The Daily Lives of Françafrique: French Expatriate Communities in Gabon 1960-1989.

Authors

  • Baptiste Sibieude King's College London

DOI:

https://doi.org/10.17169/GHSJ.2016.58

Abstract

“How Can France Do Everything That It Does in Africa--And Get Away with It?” In her famous 1981 article in the African Affairs journal, Tamar Golan sheds light onto one of the most sustained mystery within postcolonial African studies.1 The case of Gabon is almost archetypal of such situation. Just as many other scholars before and after her, she puts forward several explanations such as world politics, decolonization (how easy or complicated it was), the Coopération policies, heads of state relationships etc.2 However right these arguments are, they all miss an essential point: the presence of a large and numerically stable body of French nationals working and living in Gabon.

Using oral history interviews with former expatriates in Gabon, this paper seeks to look at how this community has evolved over time and more importantly what it tells us about Franco-Gabonese relations. Coming from all kind of horizons, the interviewees draw a lively picture of what it was like to live overseas in a rather separated community. Their lives and how they interacted with the larger Gabonese society – or did not – over the period at hand is key in understanding French policies towards Africa. If in the early days of independence the boundary between the colonial and the postcolonial is rather blurred, by the late 1980s, a shift has occurred and a certain normalization of Franco-Gabonese – which is yet to be further analyzed and discussed – has happened: the “Heroic Age”, as some of the former participants call the 1960s and early 1970s, has given way to another era that is more difficult to characterized.
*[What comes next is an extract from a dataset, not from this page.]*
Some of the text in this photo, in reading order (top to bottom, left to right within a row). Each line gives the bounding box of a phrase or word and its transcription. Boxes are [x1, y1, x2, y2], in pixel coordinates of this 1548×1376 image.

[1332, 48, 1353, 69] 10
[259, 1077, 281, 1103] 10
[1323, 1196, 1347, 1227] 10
Gabon and its large number of French expatriates and nationals raise questions as to what extent decolonization is a much longer process than usually acknowledged encompassing not only the political realm but also the economic or interpersonal ones – just to name a few.
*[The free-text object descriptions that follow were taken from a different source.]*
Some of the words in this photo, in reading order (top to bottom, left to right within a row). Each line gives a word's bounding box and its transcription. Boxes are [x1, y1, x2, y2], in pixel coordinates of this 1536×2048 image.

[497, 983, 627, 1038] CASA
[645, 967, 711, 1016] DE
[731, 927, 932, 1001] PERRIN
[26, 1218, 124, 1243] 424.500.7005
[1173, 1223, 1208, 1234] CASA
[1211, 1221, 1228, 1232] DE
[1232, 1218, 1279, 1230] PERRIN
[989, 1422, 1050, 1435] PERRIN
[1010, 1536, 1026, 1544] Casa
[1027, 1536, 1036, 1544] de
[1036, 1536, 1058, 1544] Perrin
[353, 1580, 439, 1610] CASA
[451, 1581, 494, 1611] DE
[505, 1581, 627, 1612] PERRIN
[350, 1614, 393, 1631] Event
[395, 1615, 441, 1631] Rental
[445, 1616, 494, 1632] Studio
Finally, in a time of a more and more mobile workforce of highly educated Frenchmen, thanks to Globalization, it is important to know that they stem from these expatriates of the 1960s that paved the way for them to a certain extent. The study of their daily lives can help us understand what has evolved in almost 55 years and what has remained the same. Through the stories of seventeen French men and women that stayed in Gabon between one and fifteen years, we get a better sense of what it was like to live overseas in what used to be the “France d’Outremer”. When listening to their anecdotes, impressions and memories, one can see and understand the world of Expatriation in all its ambiguities, issues but also joy and human experiences.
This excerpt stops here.